Give me a secondhand store over a shopping mall any day.

There’s just something satisfying about pawing through other people’s old stuff and coming up with a gem.

Sure, I like saving money and saving stuff from landfills, but for me the allure is more than that.

It’s the thrill of the hunt.

Lauren Ward and Katie Plato understand that.

Ward, who owns Noto, a boutique in downtown Akron, and Plato, who writes the blog Something to be Found ( www.somethingtobefound.com), are both passionate thrift-store shoppers.

But unlike me, Ward and Plato aren’t at all casual about the pursuit. These two shop with a purpose.

Thrift-shopping success is largely in the planning and technique, they said. You’ll have better luck if you go into it with a good idea of what you’re looking for and a willingness to forage for the good stuff.

It also helps to be able to think creatively, but luckily for in-the-box thinkers like me, that’s not a necessity. Plato and Ward pointed out there are plenty of resources to give you ideas for repurposing old stuff or pulling together outfits, from Pinterest and magazines to TV shows and retail stores. You don’t have to come up with your own ideas. Borrow someone else’s.

More important, they said, is being prepared and persistent.

Use those same resources to keep up with trends in fashion and home decor, so you’ll know a good buy when you see it. Keep a list of the things you’d like to find, which helps you focus your search.

It can be an old-fashioned shopping list or perhaps a Pinterest board or some pictures torn from magazines.

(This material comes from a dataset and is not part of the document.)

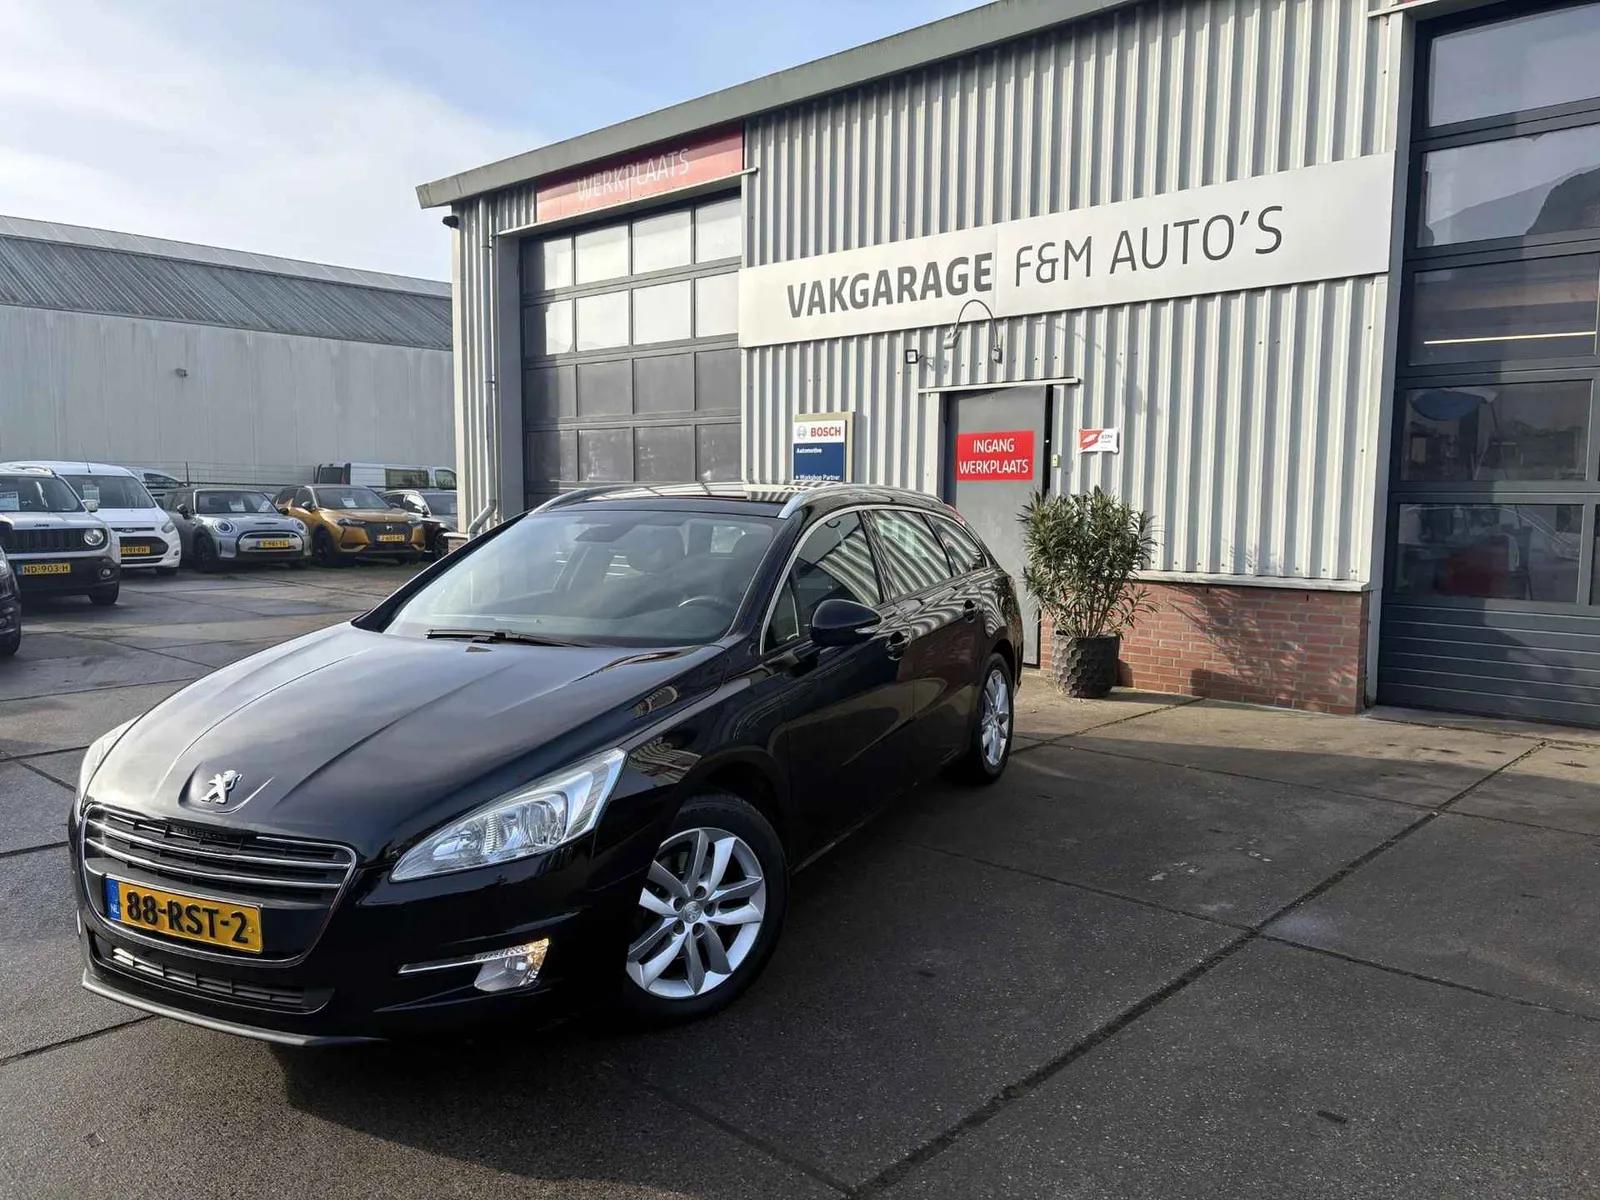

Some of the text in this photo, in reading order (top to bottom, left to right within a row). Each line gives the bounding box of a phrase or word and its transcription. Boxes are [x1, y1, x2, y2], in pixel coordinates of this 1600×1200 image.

Some other tips they shared:

• Dig deep. Thrift stores aren’t for timid shoppers. You have to search through racks, squat to see what’s on lower shelves, lift and move things, and otherwise take an active approach to seeking out hidden treasures.
• Focus. Especially if your time is limited, concentrate on finding only two or three items on your list.
• Develop an eye. When you’re shopping for clothes, it’s easier to spot textures, colors or prints than styles. Look for those first.
• Be willing to change things. A coat of paint can turn an ugly picture frame or a worn piece of furniture into something right on trend. A sewing machine can transform an outdated style or fix a poor fit. An old curtain can supply the fabric to cover a lampshade. Try to see things for their potential, not their present state.
• Shop off season. People usually donate clothing, holiday decorations and other items at the end of a season, so that’s a good time to shop. That’s also probably when you’re packing away your own family’s things and getting rid of clothes your kids have outgrown, so make a note of what your family will need next year and keep an eye out for those things while you’re thrift shopping.
• Don’t be afraid. The idea of painting a hutch or taking in a skirt might seem daunting if you’ve never done it before, but thrift store finds are a low-risk place to start building your skills. You’re only spending a little bit of money, “so it’s OK if you mess it up,” Plato said.
• Shop often. Thrift-store merchandise changes frequently, even daily. “If you don’t find good stuff, go back,” Ward said.

You just never know what you might find.